Inflation, Stagflation, Deflation? What’s Ahead For The US Economy And Dollar?


Recent political discourse in the United States has been centered around matters that relate to the economy. The necessary value of stimulus checks, the minimum wage, and the route towards the recovery of the job market have all been discussed. However, the reality is that economics is not a political matter. Bright promises made by some politicians, as well as predictions of doom by others, are not based in grounded facts.

The discourse masks the fact that we have very little idea of what is ahead for the US economy. It has been said over and over again that these are unprecedented times. Added to the devastation of COVID-19 is the recent manipulation of the markets by a new kind of investor – participants in online forums. There is no clear historical parallel and a ton of confusion.

We can at best get an idea of some of the possibilities, so that we can prepare for all eventualities. There are three potential scenarios which impact the very value of our currency.


Inflation refers to the general rise in the cost of living in a country. In terms of the US, this means that a dollar buys you less than it did before. Basic necessities like food and water become more expensive. The value of the dollar has therefore decreased within the country. Inflation is usually driven by economic growth, when there is strong competition in the markets causing costs to rise.


Deflation refers to the general decrease in the cost of living in a country. With deflation, a dollar now buys you more than it did before. Basic necessities become cheaper, and the value of the dollar has increased within the country. Deflation is generally caused by a weak economy, in which there is too much supply and not enough demand, causing costs to fall.


Inflation generally occurs in a strong economy. However, there is a third scenario, in which inflation continues to occur while the economy struggles and unemployment rates rise. In this case, costs are not rising due to competition but rather due to scarcity. Stagflation is rare, and generally only occurs in times when the normal driving forces of economies cannot be relied upon.

Where is the US economy headed?

As mentioned earlier, it is impossible to confidently predict the future of the US economy based on historical data. However, we can make some educated guesses based on what we know now.

First, the good news. The economy is not likely to enter a stagflation phase. The current unemployment rate is high, but will fall quickly when the economy reopens in its entirety. New businesses will arise, old businesses will recover, and people will want to spend their money as they did before the pandemic.

Of course, there is a huge caveat to the good news. Americans have far less money to spend than they did before the pandemic. Businesses have brought in smaller profits (or have lost money). Millions have spent months unemployed. And since the federal minimum wage has not been raised in line with the inflation rate, even minimum wage workers who remained employed throughout the pandemic can afford less than before.
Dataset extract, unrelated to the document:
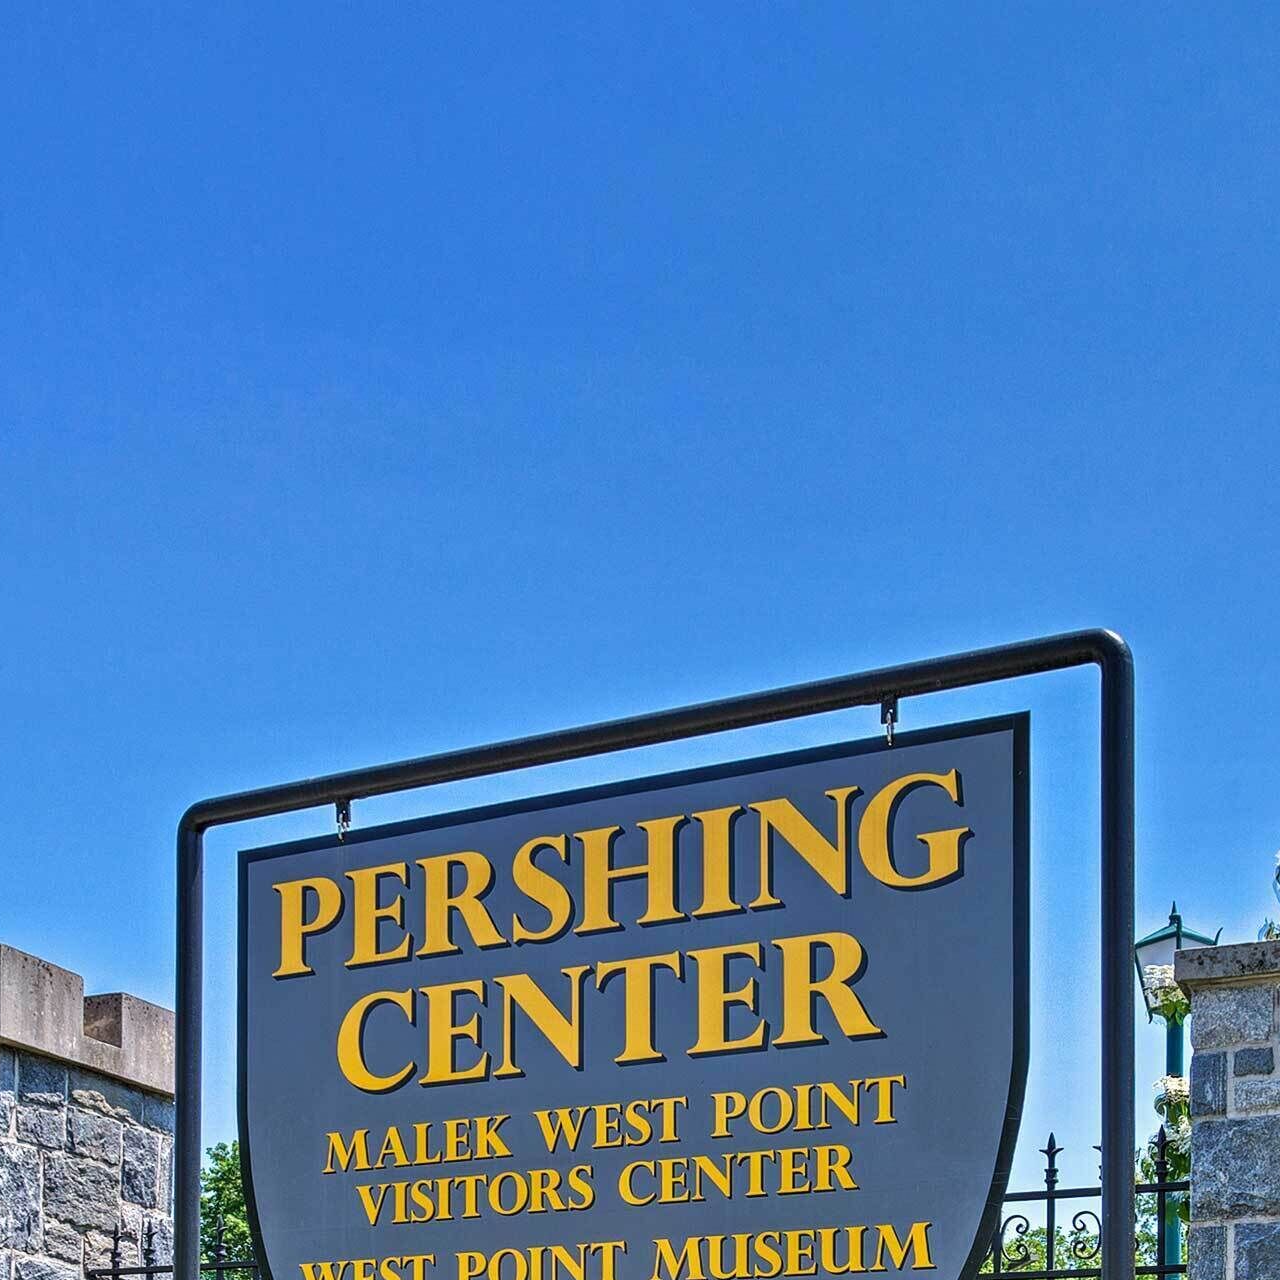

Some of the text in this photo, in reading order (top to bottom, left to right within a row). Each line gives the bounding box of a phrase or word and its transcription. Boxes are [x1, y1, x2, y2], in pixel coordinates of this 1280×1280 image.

[272, 768, 972, 978] PERSHING
[336, 931, 882, 1094] CENTER
[323, 1075, 905, 1174] MALEK WEST POINT
[356, 1144, 858, 1226] VISITORS CENTER
According to all of this, we can expect the economy to grow even as many struggle to make ends meet. With the Democratic Party holding the House, Senate, and Presidency, we can also expect more intervention to keep struggling Americans solvent.

Thus far, we have spoken about the value of the dollar within America. But what about the value of the dollar in terms of other currencies? How might this economic outlook impact currency pairings? If you earn in US dollars and transfer your earnings into another country, you will need to know what steps you can take to maintain the value of your earnings.
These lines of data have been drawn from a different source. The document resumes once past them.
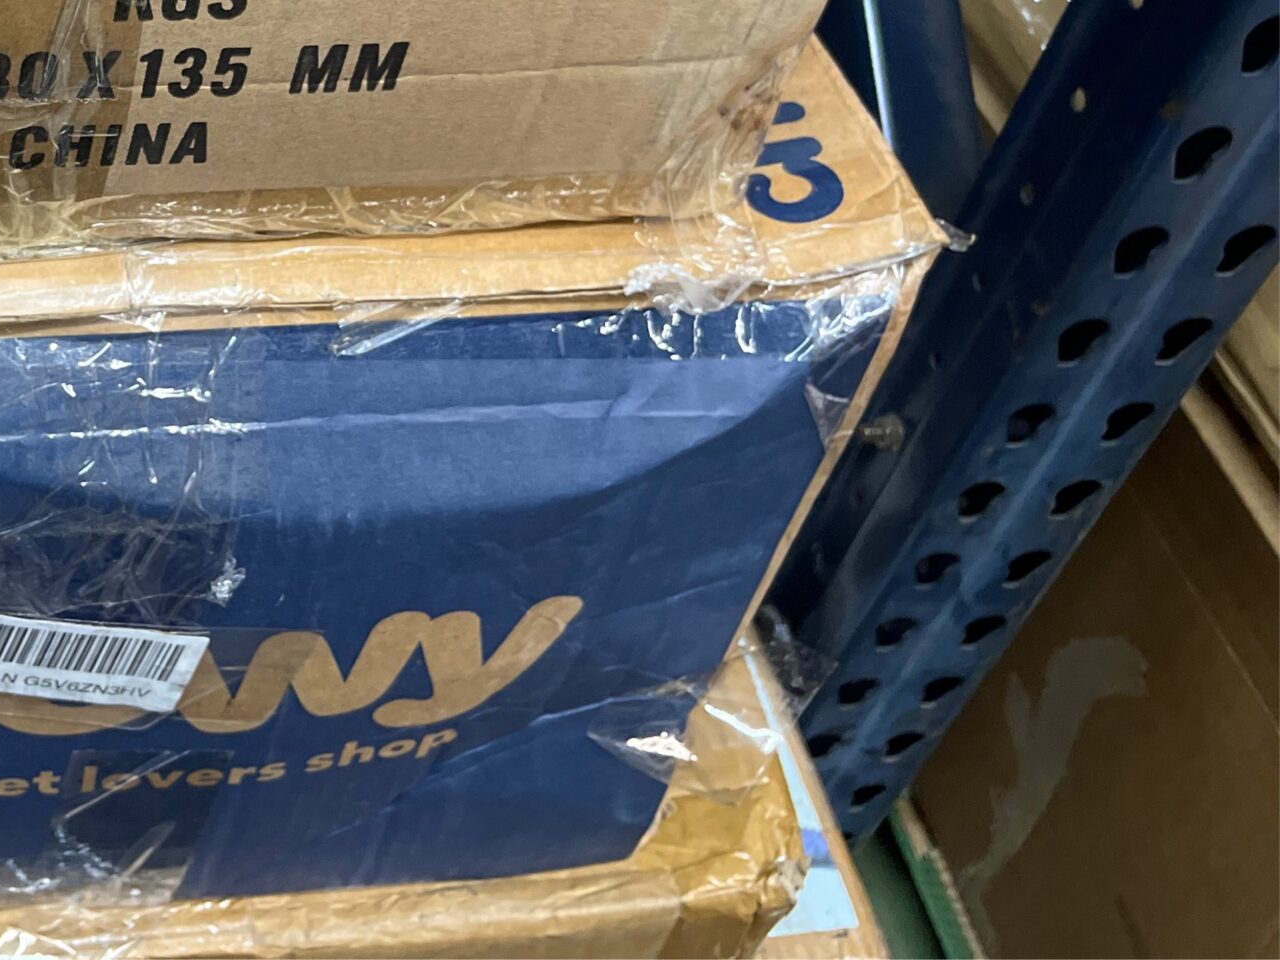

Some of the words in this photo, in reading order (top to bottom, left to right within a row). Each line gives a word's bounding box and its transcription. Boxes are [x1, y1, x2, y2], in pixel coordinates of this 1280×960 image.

[140, 46, 252, 99] 135
[288, 41, 410, 95] MM
[8, 120, 208, 171] CHINA
[1, 672, 19, 684] N
[79, 757, 288, 794] lovers
[304, 728, 459, 774] shop
What will happen to the dollar?

The inflation or deflation of currency within a country is only one factor influencing its value in the foreign exchange market. The US dollar over the past few months has been recovering in terms of foreign exchange. With more political stability, as well as the first phases of vaccinations taking place, the volatility of the dollar is decreasing.

For those who are regularly converting dollars, the volatility is still likely to cause fluctuations in the value of your transfers from one month to the next. The good news is that you can use FX derivatives for hedging in order to secure an exchange rate.

Hedging refers to strategies used to ensure you get the same foreign exchange rate for your transfers over the course of a certain period of time. These hedging tools include Forward Contracts, which use a calculation to provide a fixed rate based on the currency exchange as it is right now.

These strategies give you the stability you need when it comes to earning in foreign currencies or paying regular amounts in those currencies.

It is unclear where the US economy is headed, and the fate of the dollar is just as murky. However, you can at the least prepare for instability when it comes to foreign exchange rates with hedging tools.